- What to work on: Please give the data again in full, exactly as it reads.

- Excerpted data:
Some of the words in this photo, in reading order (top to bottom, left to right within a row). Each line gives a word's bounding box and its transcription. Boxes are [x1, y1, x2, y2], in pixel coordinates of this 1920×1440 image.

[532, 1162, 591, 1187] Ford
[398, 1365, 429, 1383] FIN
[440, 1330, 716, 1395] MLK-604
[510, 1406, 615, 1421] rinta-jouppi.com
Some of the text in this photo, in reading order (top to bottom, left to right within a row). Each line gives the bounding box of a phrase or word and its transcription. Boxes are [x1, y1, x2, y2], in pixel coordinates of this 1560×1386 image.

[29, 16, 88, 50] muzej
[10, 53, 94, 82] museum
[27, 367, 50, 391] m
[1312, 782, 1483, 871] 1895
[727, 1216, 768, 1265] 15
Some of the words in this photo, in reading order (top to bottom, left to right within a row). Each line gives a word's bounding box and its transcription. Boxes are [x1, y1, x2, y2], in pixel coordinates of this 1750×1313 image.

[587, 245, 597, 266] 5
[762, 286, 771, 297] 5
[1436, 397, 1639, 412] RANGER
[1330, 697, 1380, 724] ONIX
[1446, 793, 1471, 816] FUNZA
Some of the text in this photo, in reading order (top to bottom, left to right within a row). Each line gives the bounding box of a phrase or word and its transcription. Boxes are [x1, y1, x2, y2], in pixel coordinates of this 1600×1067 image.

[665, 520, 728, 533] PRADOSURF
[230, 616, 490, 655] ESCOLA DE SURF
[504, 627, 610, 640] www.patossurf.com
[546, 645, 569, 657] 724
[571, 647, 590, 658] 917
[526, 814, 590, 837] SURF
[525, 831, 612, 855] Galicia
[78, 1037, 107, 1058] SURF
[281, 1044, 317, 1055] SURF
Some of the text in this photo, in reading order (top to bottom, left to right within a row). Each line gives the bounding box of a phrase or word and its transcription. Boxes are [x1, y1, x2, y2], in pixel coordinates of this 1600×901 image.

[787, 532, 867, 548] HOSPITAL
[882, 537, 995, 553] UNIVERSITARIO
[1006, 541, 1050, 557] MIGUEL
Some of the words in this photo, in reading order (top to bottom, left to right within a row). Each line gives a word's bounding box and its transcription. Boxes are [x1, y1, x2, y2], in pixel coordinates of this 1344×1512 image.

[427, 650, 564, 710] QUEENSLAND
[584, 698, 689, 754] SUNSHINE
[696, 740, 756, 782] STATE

- Answer for this exercise:
Some of the words in this photo, in reading order (top to bottom, left to right within a row). Each line gives a word's bounding box and its transcription. Boxes are [x1, y1, x2, y2], in pixel coordinates of this 1920×1440 image.

[532, 1162, 591, 1187] Ford
[398, 1365, 429, 1383] FIN
[440, 1330, 716, 1395] MLK-604
[510, 1406, 615, 1421] rinta-jouppi.com
Some of the text in this photo, in reading order (top to bottom, left to right within a row). Each line gives the bounding box of a phrase or word and its transcription. Boxes are [x1, y1, x2, y2], in pixel coordinates of this 1560×1386 image.

[29, 16, 88, 50] muzej
[10, 53, 94, 82] museum
[27, 367, 50, 391] m
[1312, 782, 1483, 871] 1895
[727, 1216, 768, 1265] 15
Some of the words in this photo, in reading order (top to bottom, left to right within a row). Each line gives a word's bounding box and its transcription. Boxes are [x1, y1, x2, y2], in pixel coordinates of this 1750×1313 image.

[587, 245, 597, 266] 5
[762, 286, 771, 297] 5
[1436, 397, 1639, 412] RANGER
[1330, 697, 1380, 724] ONIX
[1446, 793, 1471, 816] FUNZA
Some of the text in this photo, in reading order (top to bottom, left to right within a row). Each line gives the bounding box of a phrase or word and its transcription. Boxes are [x1, y1, x2, y2], in pixel coordinates of this 1600×1067 image.

[665, 520, 728, 533] PRADOSURF
[230, 616, 490, 655] ESCOLA DE SURF
[504, 627, 610, 640] www.patossurf.com
[546, 645, 569, 657] 724
[571, 647, 590, 658] 917
[526, 814, 590, 837] SURF
[525, 831, 612, 855] Galicia
[78, 1037, 107, 1058] SURF
[281, 1044, 317, 1055] SURF
Some of the text in this photo, in reading order (top to bottom, left to right within a row). Each line gives the bounding box of a phrase or word and its transcription. Boxes are [x1, y1, x2, y2], in pixel coordinates of this 1600×901 image.

[787, 532, 867, 548] HOSPITAL
[882, 537, 995, 553] UNIVERSITARIO
[1006, 541, 1050, 557] MIGUEL
Some of the words in this photo, in reading order (top to bottom, left to right within a row). Each line gives a word's bounding box and its transcription. Boxes are [x1, y1, x2, y2], in pixel coordinates of this 1344×1512 image.

[427, 650, 564, 710] QUEENSLAND
[584, 698, 689, 754] SUNSHINE
[696, 740, 756, 782] STATE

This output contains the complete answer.